The clinicopathological features of 75 children under the age of 12 years with teratomas are reviewed. Tumors arose in the following anatomic sites: sacrococcygeum (n = 49), ovary (n = 10), Testis (n = 5), oral cavity (n = 3), retroperitoneum (n = 2) and others (n = 6). Fifty five (74%) presented within the first year of life. Excluding the gonadal tumors, male-female ratio was 2:5. Majority of the tumors had only mature tissues. Such patients and those 9 patients in whom the histology was not specified, underwent excision alone and had 95% early survival rates. Five patients had admixture of mature and immature tumors.

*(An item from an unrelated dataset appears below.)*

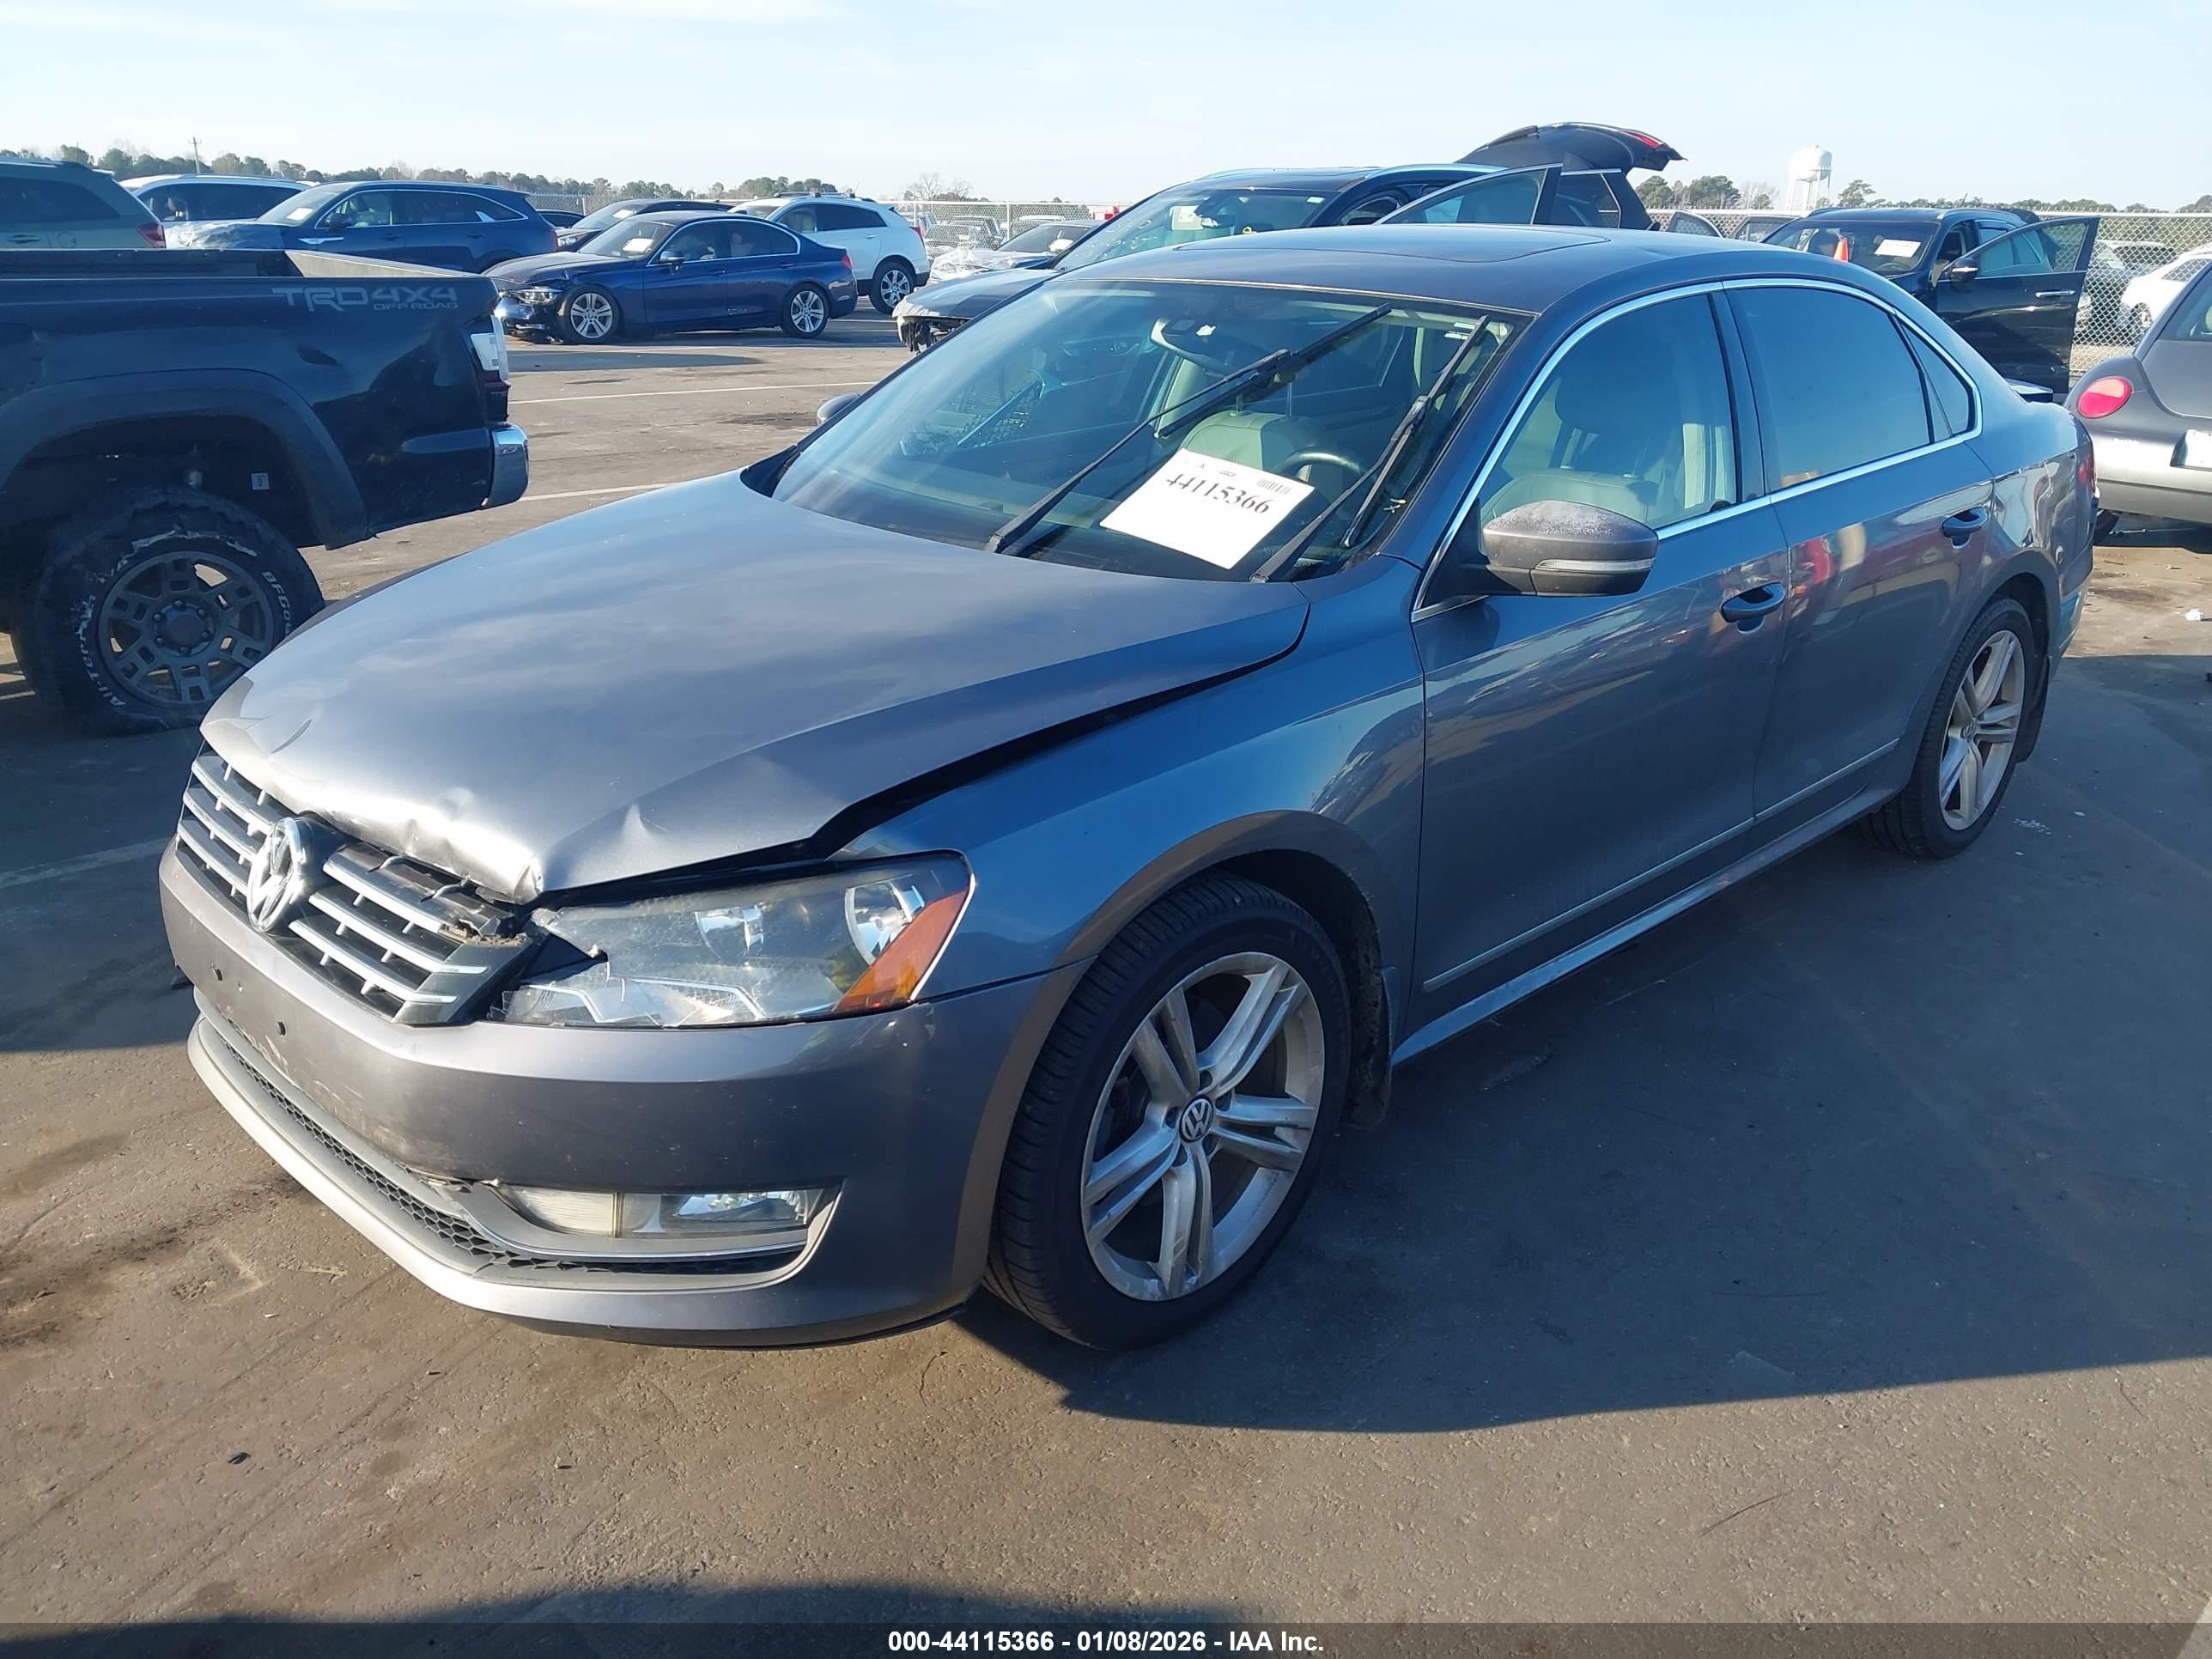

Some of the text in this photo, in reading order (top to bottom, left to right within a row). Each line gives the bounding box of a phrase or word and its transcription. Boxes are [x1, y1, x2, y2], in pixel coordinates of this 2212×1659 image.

Nine patients had malignant tissues. Germ cell tumors containing only malignant component, but no mature or immature teratomatous tissues were excluded from the series. The patients with immature and malignant tissues underwent multimodal therapy including surgical excision, multiagent chemotherapy (VAC regimen) and at times radiotherapy. Mortality in patients with immature and malignant teratomas was 20 and 66.7%, respectively. Besides histology, the only factor which affected prognosis, especially in case of sacrococcygeal teratomas was the age at the time of presentation. Our experience highlights the importance of early recognition and complete surgical excision of teratomas in the pediatric age group.